The President of the Republic of Malta George Vella and his wife are on a State visit to the Republic of Croatia at the invitation of the President of the Republic of Croatia Zoran Milanović. The State visit began with an official welcoming ceremony at the Office of the President of the Republic of Croatia. After a tête-à-tête between the two presidents and bilateral talks between the official delegations of the Republic of Croatia and the Republic of Malta, the two presidents held a press conference.

Underlining that the meeting was held “in a spirit of pleasant and good relations between Croatia and Malta”, President Milanović highlighted tourism, the migration problem and Malta’s experience in the eurozone as some of the important topics they discussed. “Malta relies on tourism. Croatia’s share in tourism is too large, and although Malta’s share is double, it doesn’t prevent Malta from being a very orderly and very successful state. We can learn a lot from Malta, see how they do it”, President Milanović noted.

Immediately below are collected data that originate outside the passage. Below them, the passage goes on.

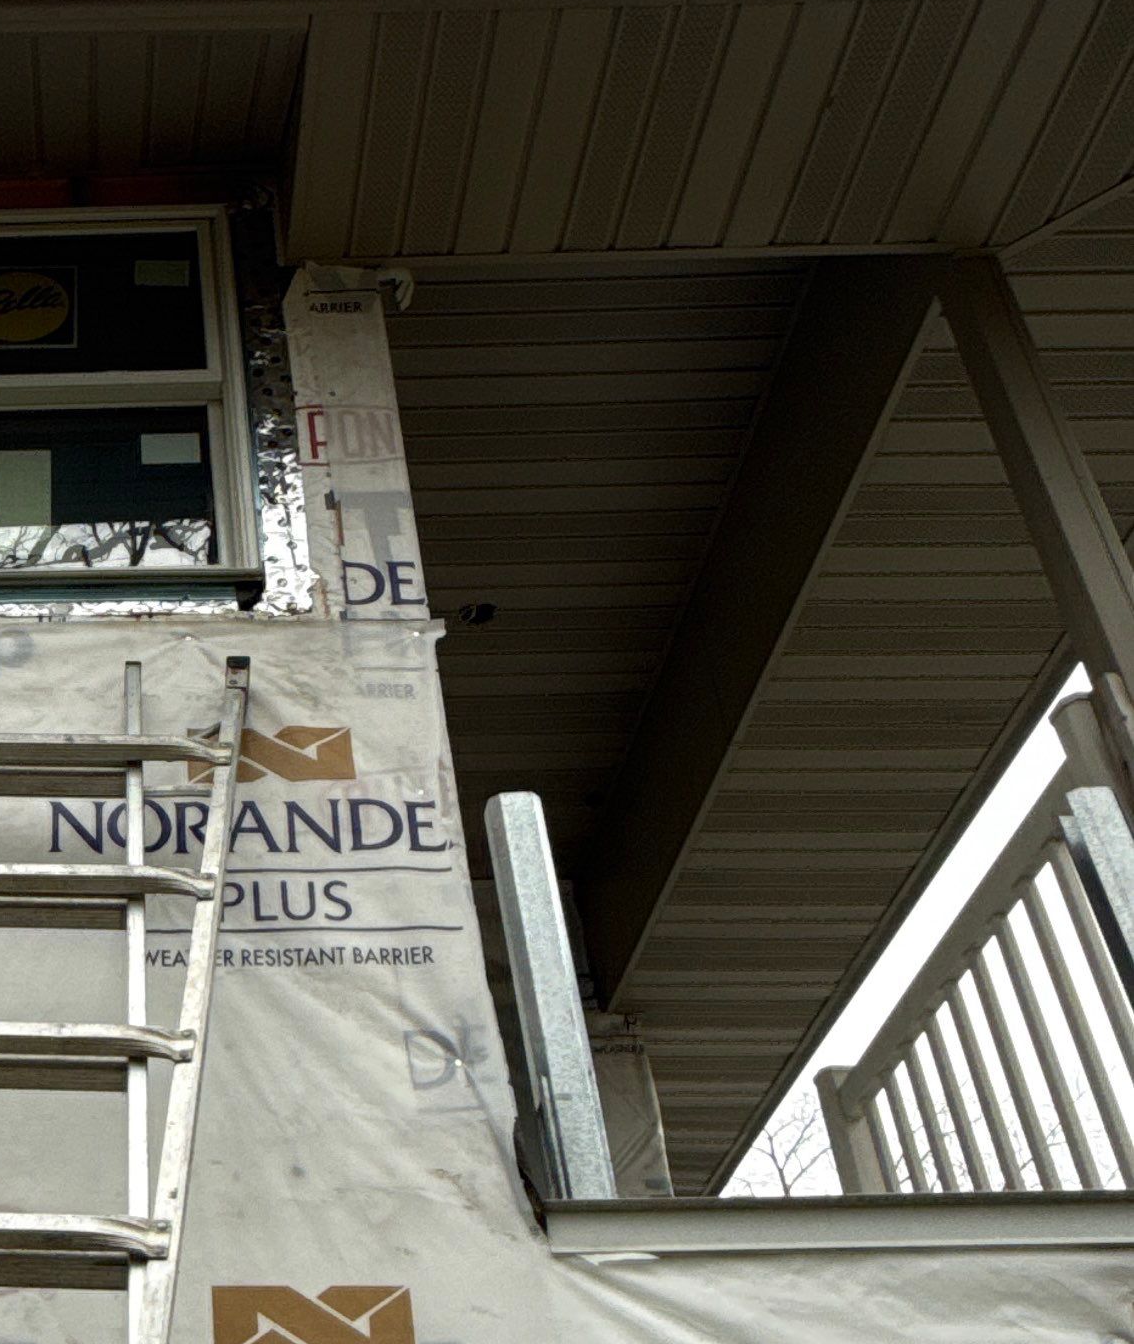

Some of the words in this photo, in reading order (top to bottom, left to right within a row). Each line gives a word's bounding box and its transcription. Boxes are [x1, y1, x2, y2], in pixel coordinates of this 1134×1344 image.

[49, 798, 456, 854] NORANDE
[220, 880, 352, 922] PLUS
[145, 949, 235, 968] WEAER
[241, 947, 345, 967] RESISTANT
[353, 946, 434, 965] BARRIER

Speaking about the migration wave to which Malta, as an open state, is exposed, President Milanović said: “A small nation such as Malta, in the middle of the Mediterranean – with a special culture, language and identity, is different from others yet open in every aspect the whole time – it is able to deliberate the difficult topic of migration maturely, soberly and humanely, while some Central European states are just about to arm their population. Incredible difference! This just says how openness, especially for small economies, is important. Well done, Malta!

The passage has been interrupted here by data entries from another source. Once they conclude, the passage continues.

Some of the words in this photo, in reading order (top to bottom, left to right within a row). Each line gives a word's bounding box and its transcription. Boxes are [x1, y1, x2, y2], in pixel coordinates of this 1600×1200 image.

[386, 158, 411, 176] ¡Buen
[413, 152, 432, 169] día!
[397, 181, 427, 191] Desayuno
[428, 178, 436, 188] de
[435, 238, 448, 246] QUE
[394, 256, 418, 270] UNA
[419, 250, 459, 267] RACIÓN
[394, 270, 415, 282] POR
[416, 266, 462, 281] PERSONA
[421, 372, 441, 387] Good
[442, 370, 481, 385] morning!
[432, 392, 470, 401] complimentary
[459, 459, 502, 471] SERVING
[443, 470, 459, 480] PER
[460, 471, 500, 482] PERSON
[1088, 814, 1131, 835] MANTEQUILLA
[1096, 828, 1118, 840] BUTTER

Referring to the migrations to which Croatia is confronted, President Milanović reminded that Croatia’s problem is due to the fact that it is located on the external border of the Schengen Area, yet isn’t in Schengen. “This puts us and our reputation in a bad situation because if the Croatian police don’t control the border then Croatia is unreliable and isn’t doing its job. If the Croatian police do their job and make mistakes at times, exceed their authority, then it is something that Europe points its finger at Croatia. That’s not fair. Therefore these issues have to be solved in the interest of both sides. Why should Croatia make further efforts, and why should it make the efforts it makes if it won’t be rewarded”, President Milanović wondered, and requested Malta’s support for Croatia’s entry into the Schengen Area. “I hope you will support us so that we enter the Schengen Area as soon as possible, I think it’s good for Croatia, but also very good for the EU”, he added.

Malta’s experience in the eurozone was a further topic discussed by the two presidents. President Milanović considers that the Croatian economy has many common points with the Maltese economy since it is based on the service sector, especially tourism. “Our economy isn’t distinctly export oriented, we’re also a service based economy, and that is one of the reasons why I think the euro will be more positive for Croatia than negative. Entry into the eurozone isn’t a pittance, it’s relinquishing one’s national currency forever, it isn’t done with a happy heart, but a cool head”, President Milanović noted.

Regarding EU expansion, the President of Malta told the press: “As for the Western Balkans, we have always advocated for the Western Balkans to become part of the EU. It isn’t simple, we are aware of the challenges that exist between different countries, however in the past few years great strides have been made. The Balkan countries will most certainly have greater stability and security when they become EU members with time, and the EU is incomplete without the Western Balkan countries. Countries such as Croatia and Slovenia have become members and can definitely help, they can show the way. The process of EU accession is lengthy, certain sacrifices are necessary, but I am sure that there is a strong will both in the EU and in the Western Balkans for them to join the EU.”

Still President Milanović once again warned that there is a lot of indication of procrastination in the accession of these countries into the EU. “A lot indicates that the EU has such a policy because in fact it hasn’t got one, it’s buying time and the years are passing. Croatia has had a very hard time before joining the EU, has had to meet stricter criteria than any other former socialist state. Croatia paid a high price to enter the EU. What is presently happening to Bosnia and Herzegovina and other states isn’t an encouragement, but procrastination in which negotiations aren’t even getting under way or are delayed. It is in Croatia’s interest to solve this problem so that the region is safe. When we talk about the Western Balkans, we must talk about stability, predictability and security, and ultimately we talk about money too because those are fundamentally impoverished states. Some have perhaps made progress, such as Kosovo and Macedonia, but Bosnia and Herzegovina and Serbia were pushed back to the start or even further back in relation to where they could have been. I don’t feel great in such an environment, and I want a more stable neighbour”, President Milanović stated.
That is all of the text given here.